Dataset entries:
■ ■ ■ ■ ■

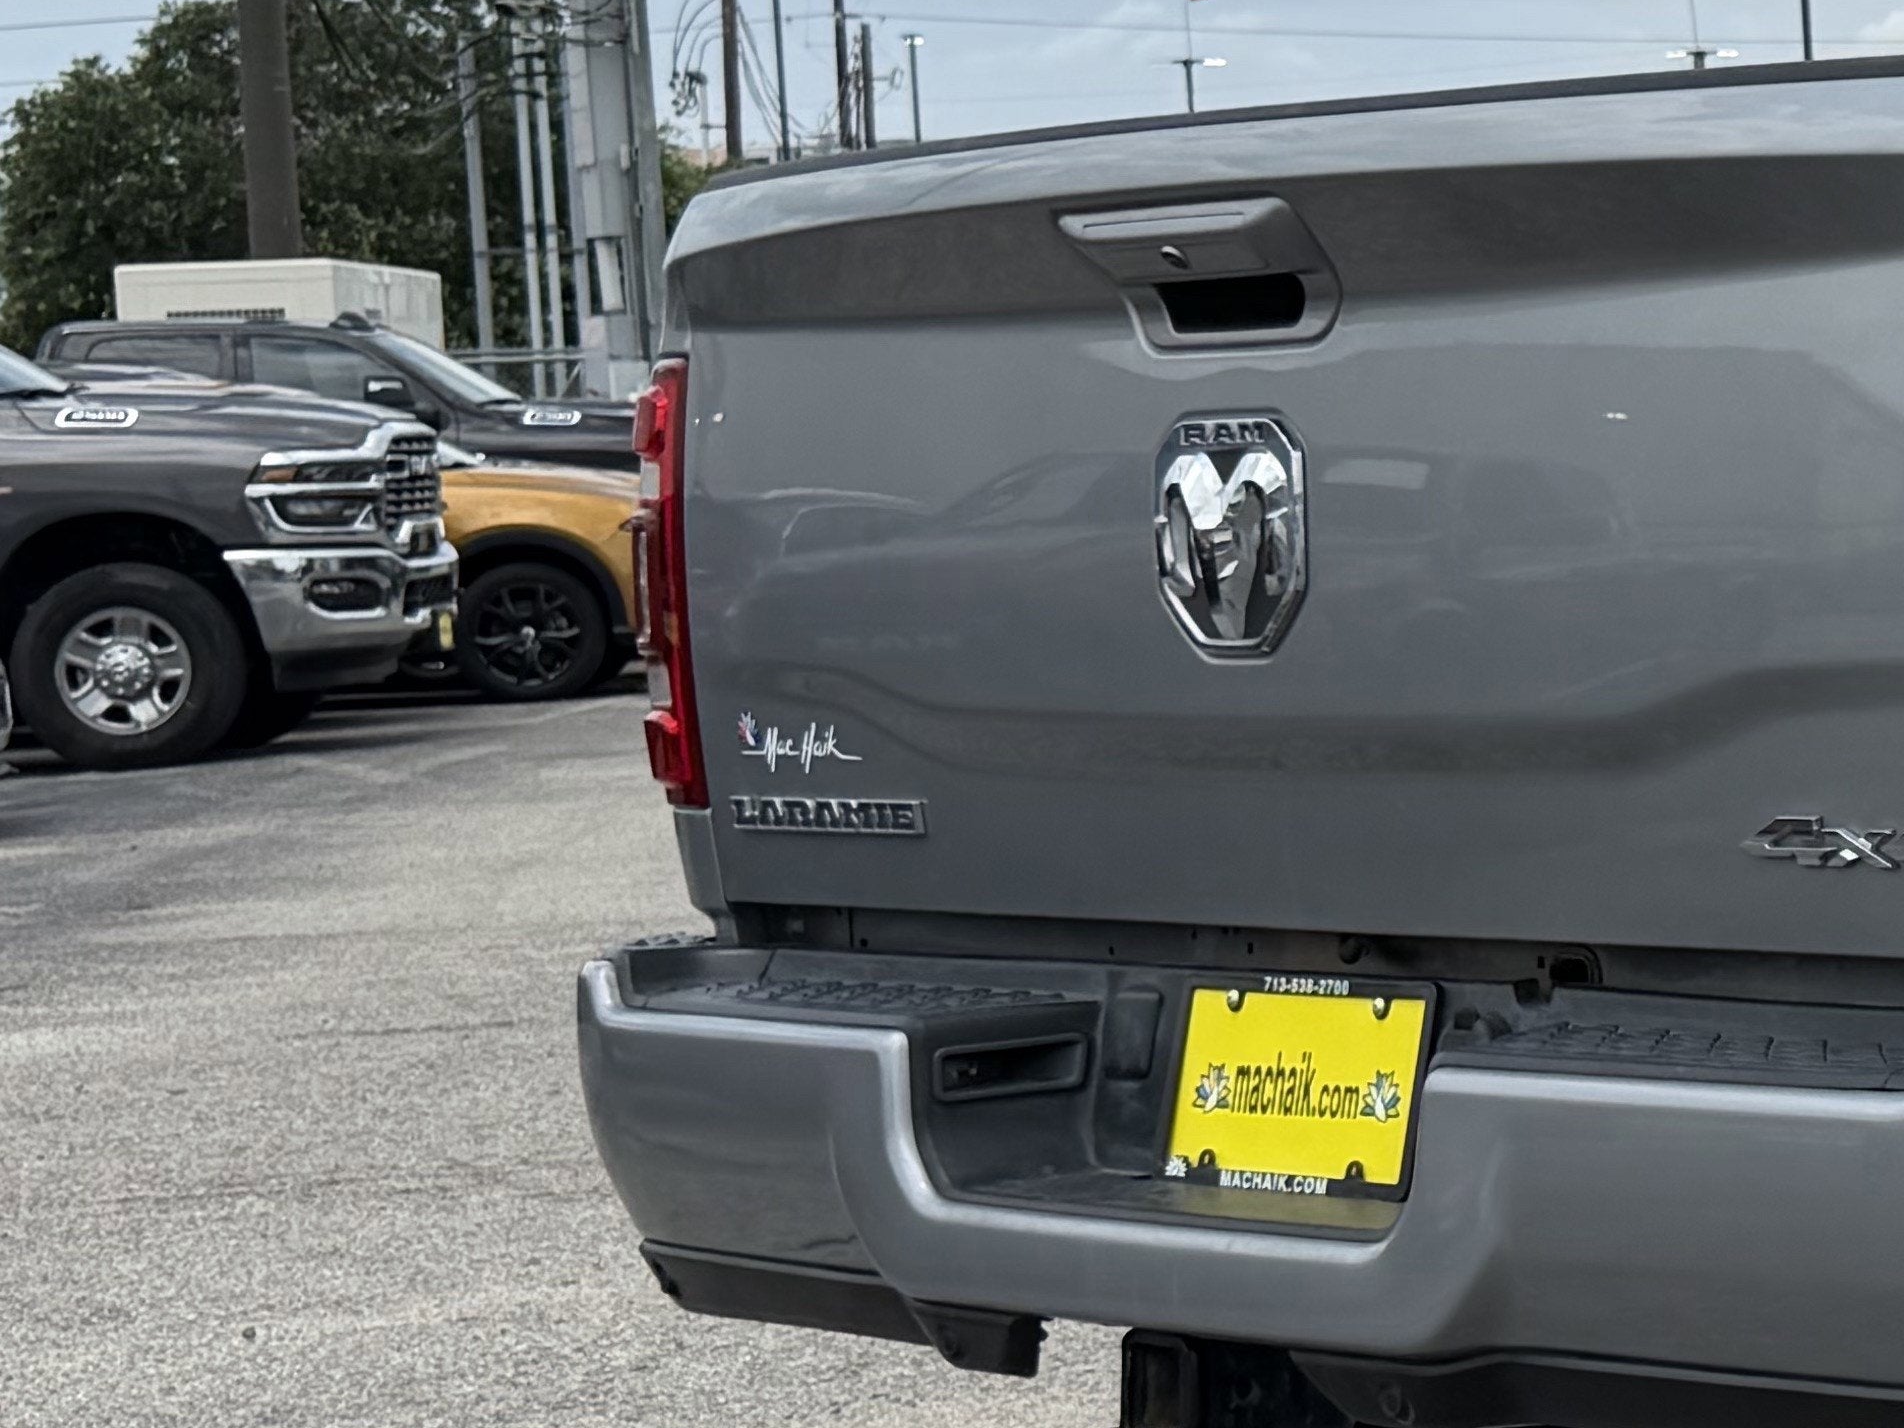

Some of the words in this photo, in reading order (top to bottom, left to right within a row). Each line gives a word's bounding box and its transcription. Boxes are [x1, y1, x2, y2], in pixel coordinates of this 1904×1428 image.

[1179, 420, 1266, 447] RAM
[741, 726, 800, 773] Mac
[801, 722, 863, 774] Haik
[729, 795, 928, 835] LARAMIE
[1231, 1051, 1361, 1119] machaik.com
[1219, 1169, 1328, 1195] MACHAIK.COM
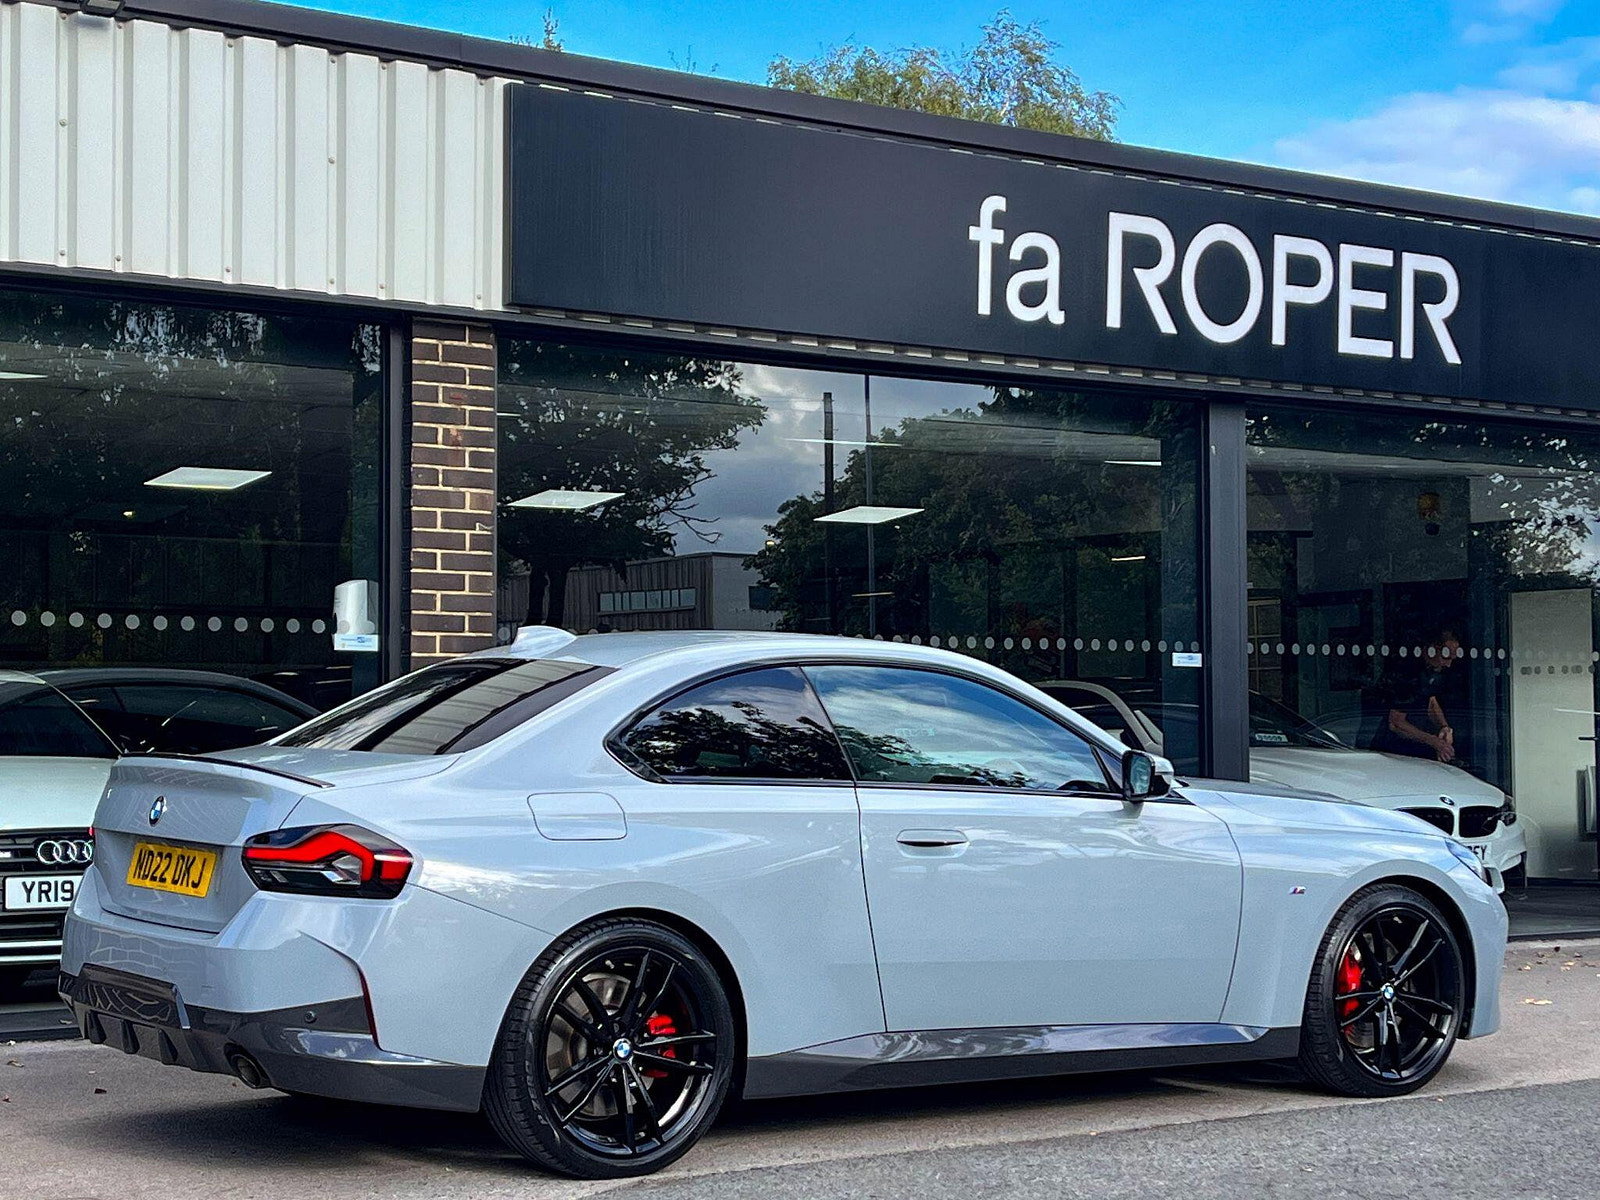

■ ■ ■ ■ ■

* **REQUIRED WORK**
Although the records contain pictures, your copy should hold only the text, reproduced exactly.

* **SOLUTION**
Some of the words in this photo, in reading order (top to bottom, left to right within a row). Each line gives a word's bounding box and its transcription. Boxes are [x1, y1, x2, y2], in pixel coordinates of this 1904×1428 image.

[1179, 420, 1266, 447] RAM
[741, 726, 800, 773] Mac
[801, 722, 863, 774] Haik
[729, 795, 928, 835] LARAMIE
[1231, 1051, 1361, 1119] machaik.com
[1219, 1169, 1328, 1195] MACHAIK.COM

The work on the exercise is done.